SOURCE INFORMATION
[Start of Attachment]

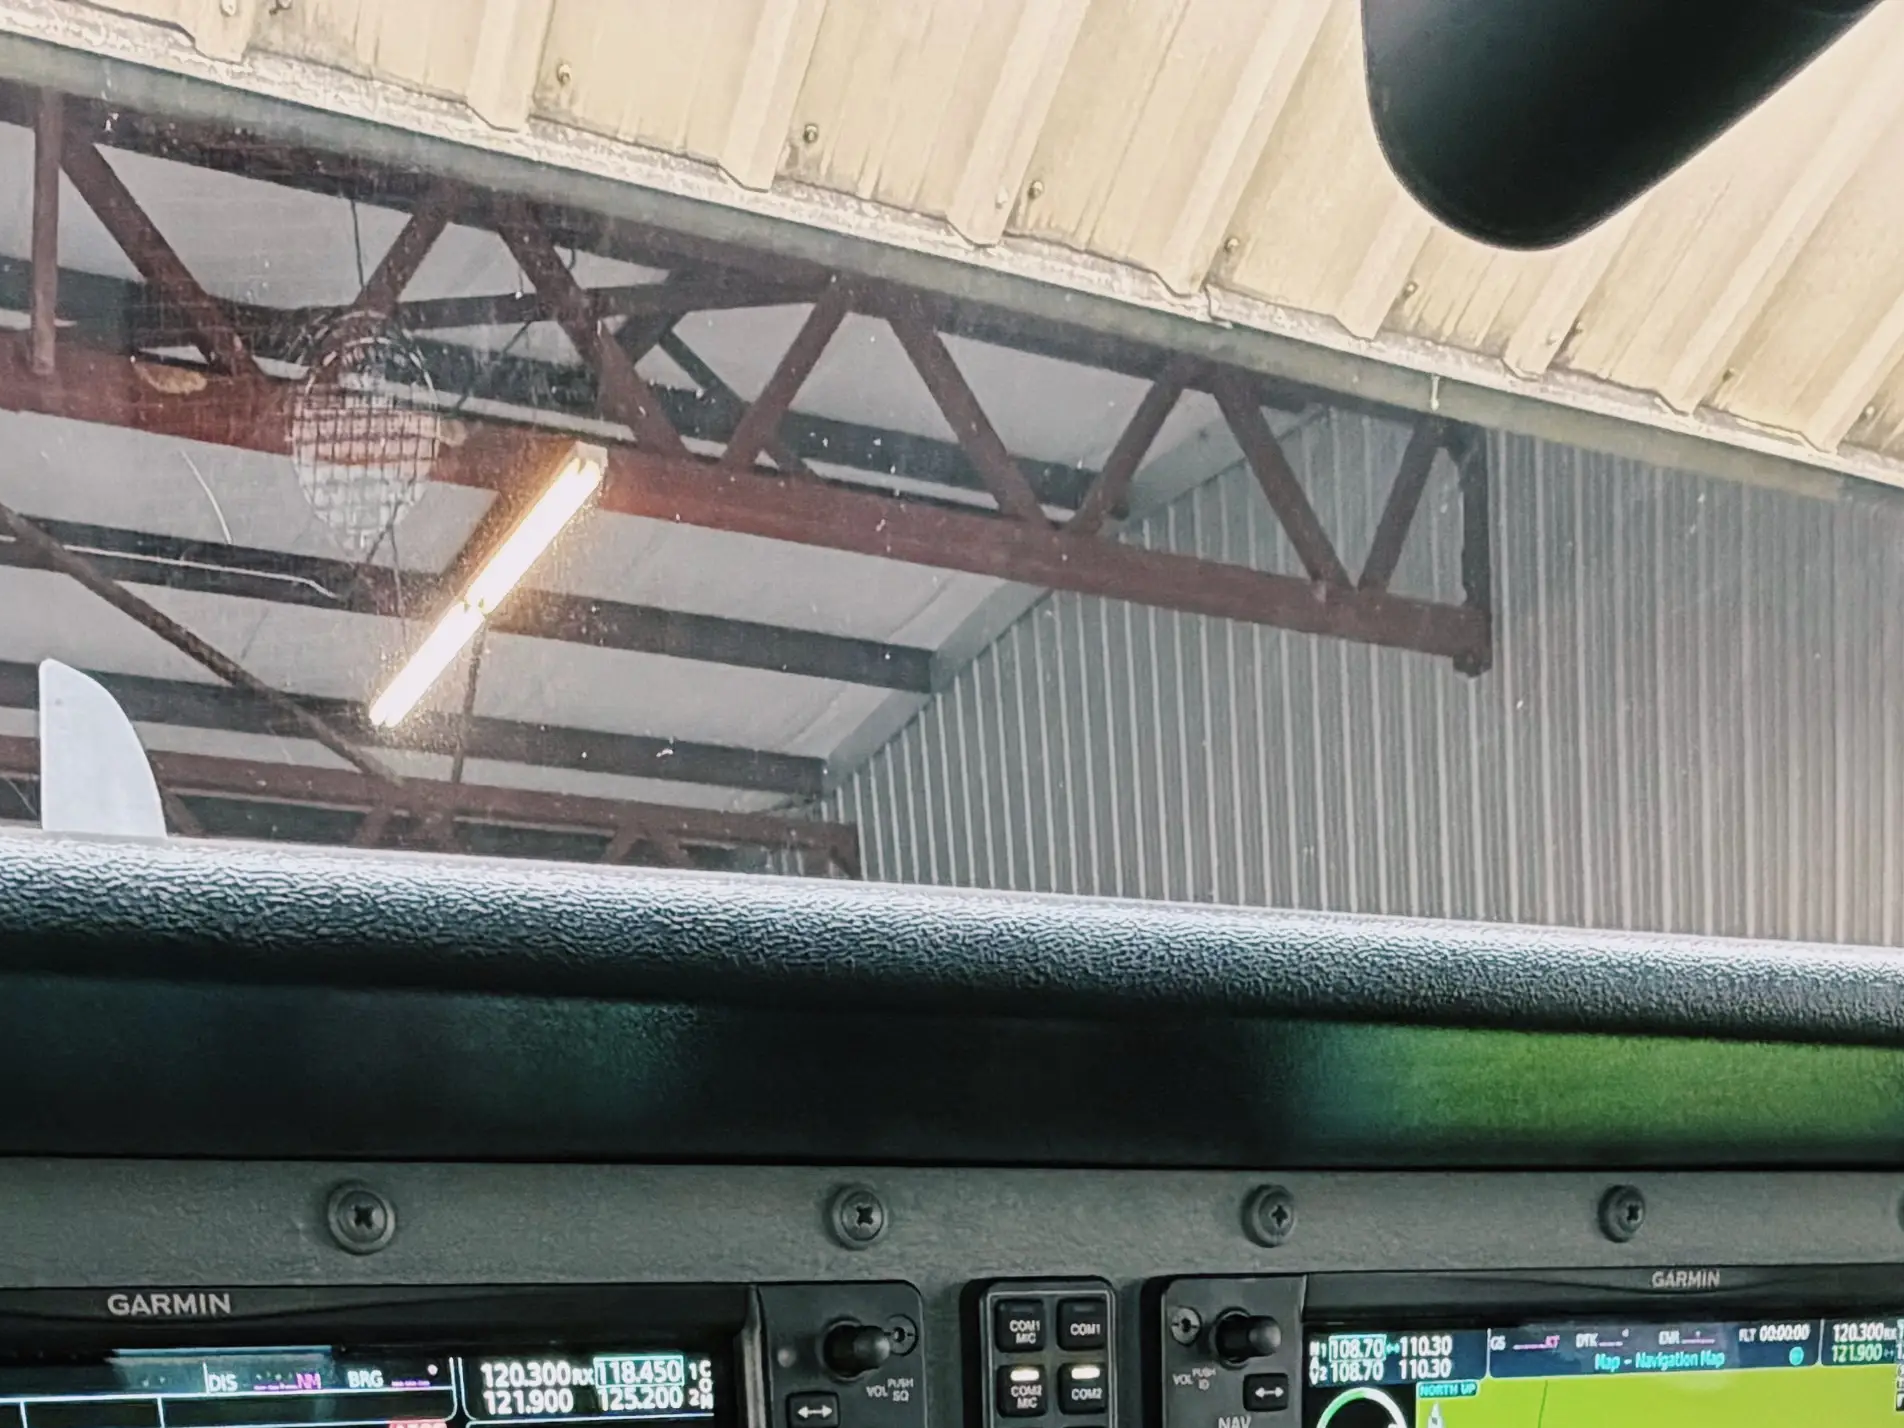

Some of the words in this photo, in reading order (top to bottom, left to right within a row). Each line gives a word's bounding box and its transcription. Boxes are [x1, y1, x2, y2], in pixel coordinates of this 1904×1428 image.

[1651, 1270, 1721, 1288] GARMIN
[107, 1293, 231, 1316] GARMIN
[1070, 1323, 1101, 1336] COM1
[481, 1362, 571, 1388] 120.300
[598, 1359, 681, 1385] 118.450

[End of Attachment]

In the copy, include no pictures; restate the listing above exactly.

Some of the words in this photo, in reading order (top to bottom, left to right within a row). Each line gives a word's bounding box and its transcription. Boxes are [x1, y1, x2, y2], in pixel coordinates of this 1904×1428 image.

[1651, 1270, 1721, 1288] GARMIN
[107, 1293, 231, 1316] GARMIN
[1070, 1323, 1101, 1336] COM1
[481, 1362, 571, 1388] 120.300
[598, 1359, 681, 1385] 118.450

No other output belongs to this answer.